## Work item:
Type out each record word for word. Pictures stay out.

(Recorded data)
= Beginning of Section =
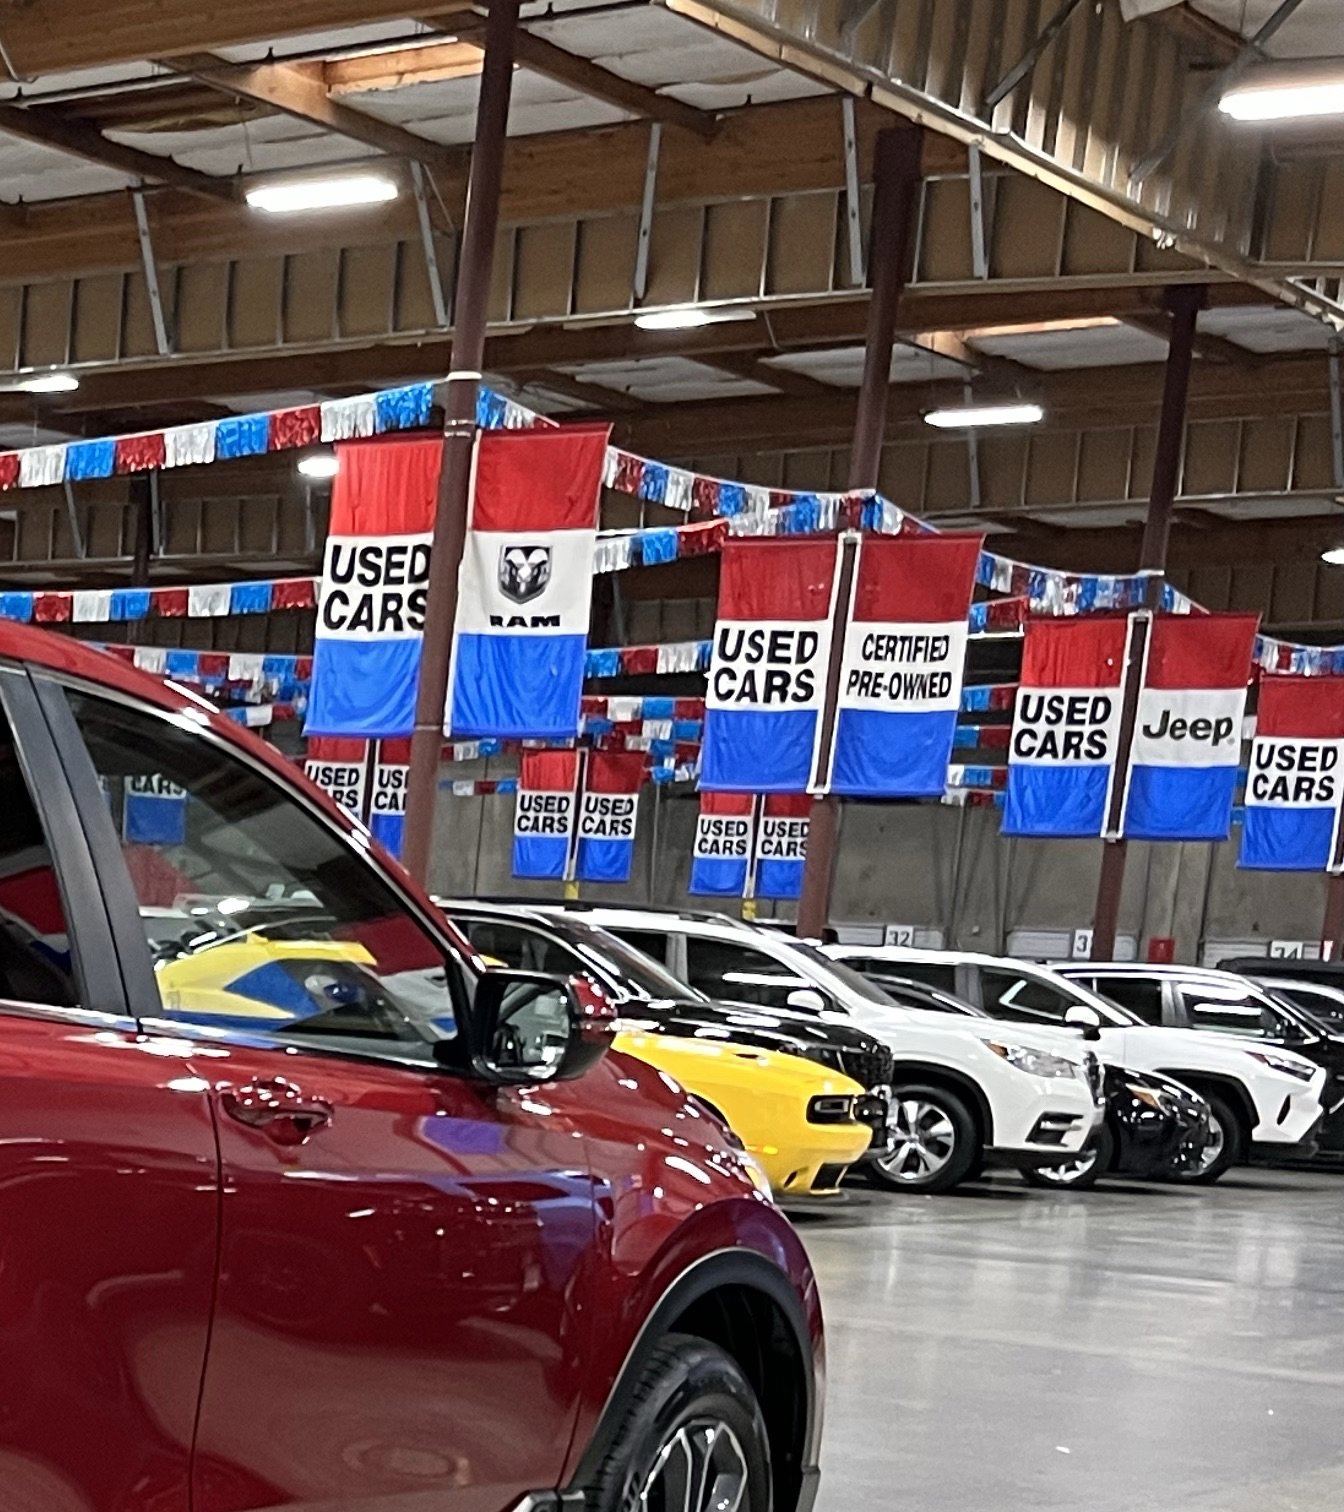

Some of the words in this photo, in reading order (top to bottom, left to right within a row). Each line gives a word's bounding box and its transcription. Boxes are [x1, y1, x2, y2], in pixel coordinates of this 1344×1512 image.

[331, 545, 430, 587] USED
[323, 589, 425, 632] CARS
[490, 615, 560, 628] RAM
[718, 628, 818, 664] USED
[862, 633, 950, 662] CERTIFIED
[714, 667, 815, 704] CARS
[846, 669, 952, 700] PRE-OWNED
[1019, 694, 1111, 726] USED
[1142, 710, 1233, 746] Jeep
[1014, 729, 1107, 760] CARS
[1255, 744, 1338, 772] USED
[307, 766, 359, 787] USED
[379, 769, 408, 789] US
[1252, 773, 1335, 801] CARS
[333, 789, 359, 808] RS
[374, 791, 407, 810] CA
[520, 795, 570, 813] USED
[584, 796, 634, 816] USED
[517, 815, 568, 834] CARS
[582, 816, 632, 836] CARS
[700, 819, 748, 837] USED
[764, 821, 809, 838] USED
[698, 838, 747, 855] CARS
[761, 840, 807, 857] CARS
= End of Section =
## Solution for this problem:
Some of the words in this photo, in reading order (top to bottom, left to right within a row). Each line gives a word's bounding box and its transcription. Boxes are [x1, y1, x2, y2], in pixel coordinates of this 1344×1512 image.

[331, 545, 430, 587] USED
[323, 589, 425, 632] CARS
[490, 615, 560, 628] RAM
[718, 628, 818, 664] USED
[862, 633, 950, 662] CERTIFIED
[714, 667, 815, 704] CARS
[846, 669, 952, 700] PRE-OWNED
[1019, 694, 1111, 726] USED
[1142, 710, 1233, 746] Jeep
[1014, 729, 1107, 760] CARS
[1255, 744, 1338, 772] USED
[307, 766, 359, 787] USED
[379, 769, 408, 789] US
[1252, 773, 1335, 801] CARS
[333, 789, 359, 808] RS
[374, 791, 407, 810] CA
[520, 795, 570, 813] USED
[584, 796, 634, 816] USED
[517, 815, 568, 834] CARS
[582, 816, 632, 836] CARS
[700, 819, 748, 837] USED
[764, 821, 809, 838] USED
[698, 838, 747, 855] CARS
[761, 840, 807, 857] CARS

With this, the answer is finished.